Ackerman builds her world slowly, from two vantage points. Violet is a teacher and mother who’s husband went missing. She is a transplant from Minnesota and our connection to all things of the Island. Our other narrator is Ella, Violet’s 10 year old daughter, for whom the stress of keeping a big secret and the trauma that she witnessed manifests in some PTSD. She brings us the story from a child’s perspective and gives us a different view of Violet.
By the time the story takes off, the reader has a comprehensive and visceral understanding of the time and place…as if you were almost one of the neighbors. The characters are vibrant, unique, and fleshed out. By the end, I was so engrossed that it was a bit of a mourning when I had read the last page. It was a story I hadn’t read before and beautifully told. The characters were magnificent and flawed and beautiful and broken.
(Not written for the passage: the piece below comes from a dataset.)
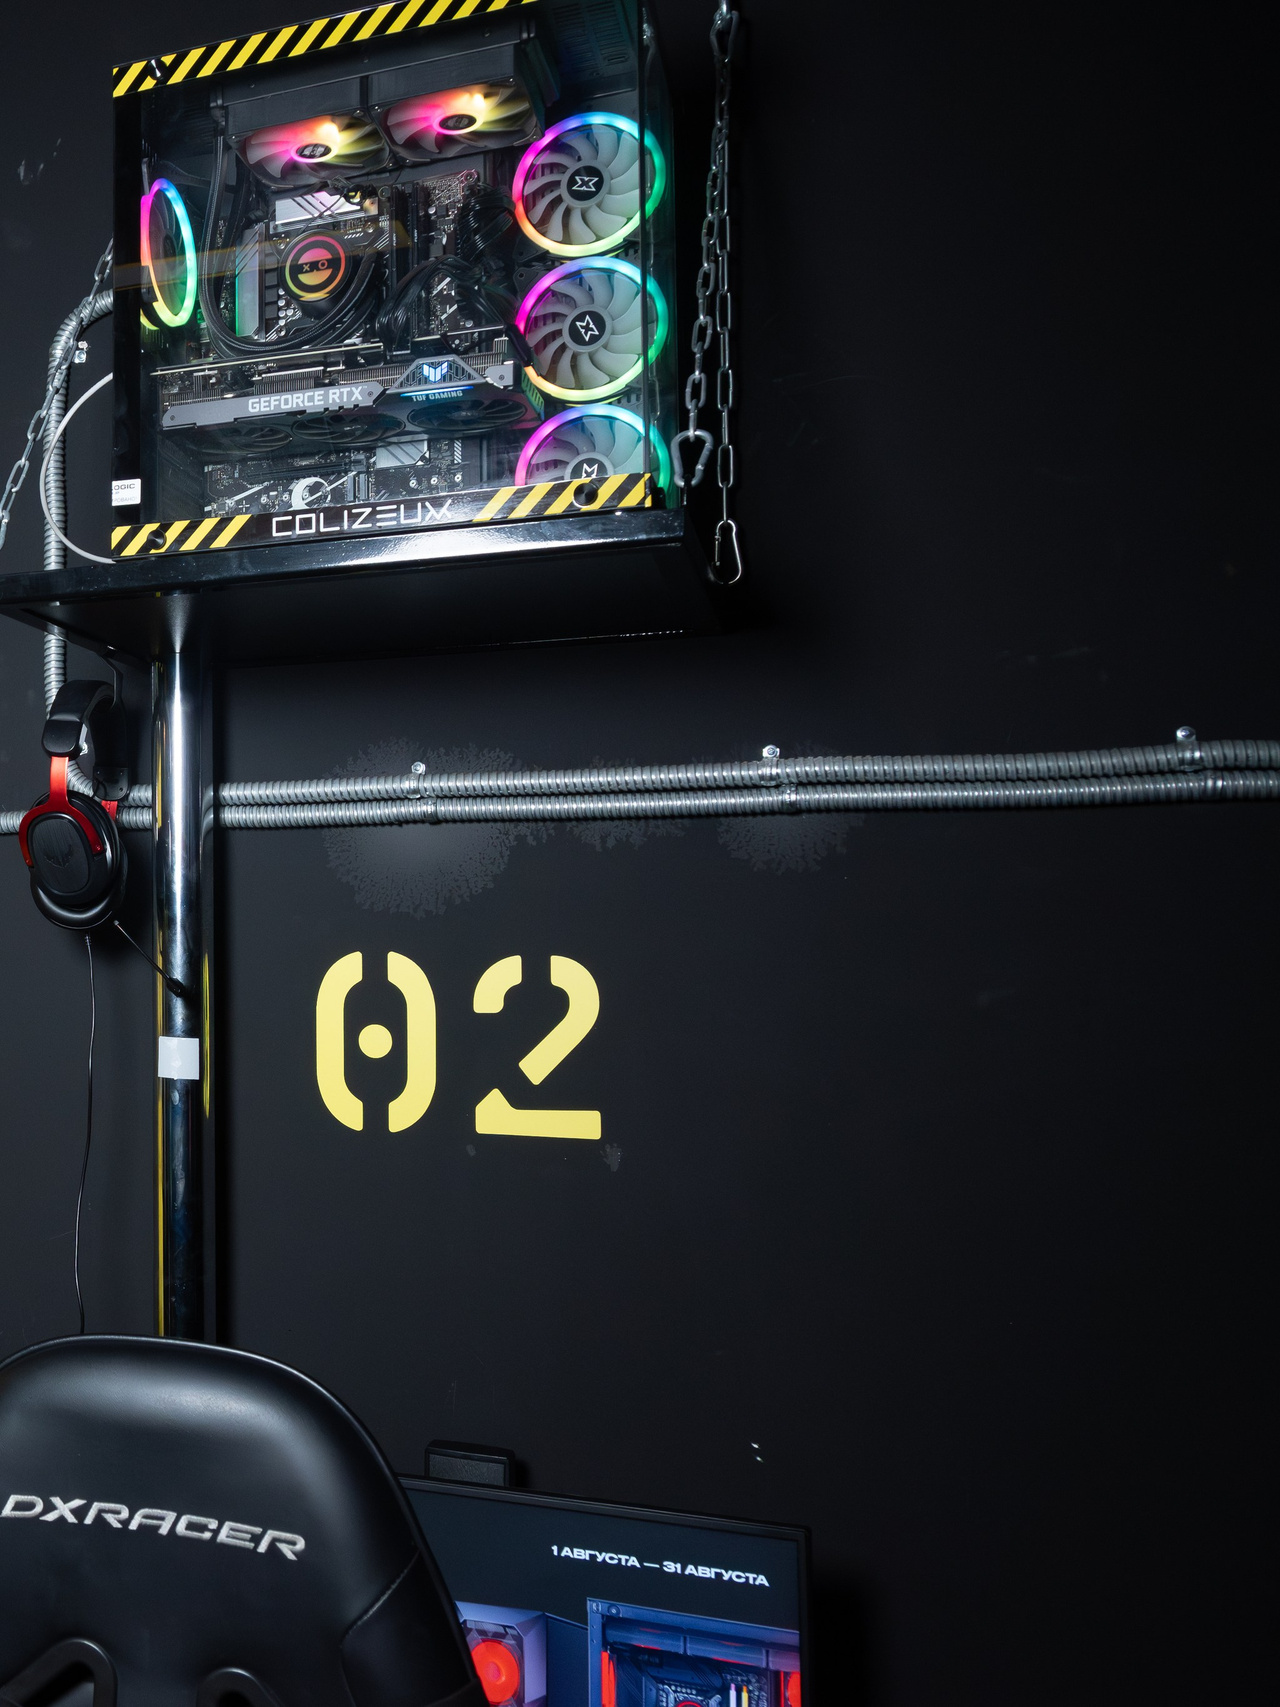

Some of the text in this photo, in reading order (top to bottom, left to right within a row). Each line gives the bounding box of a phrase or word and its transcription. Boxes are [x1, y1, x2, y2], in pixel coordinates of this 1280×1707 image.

The romantic tensions felt real, and the friendships (the real cornerstone of the story) even more so. I really enjoyed this book once I got into it and I think it would make an excellent mini-series.
“Violet felt giddy from alcohol and the closeness of her friends. She thought about how each was fashioned from her own unique pattern. All in this beautiful mess as one, lives sewn together with threads of love and loneliness.”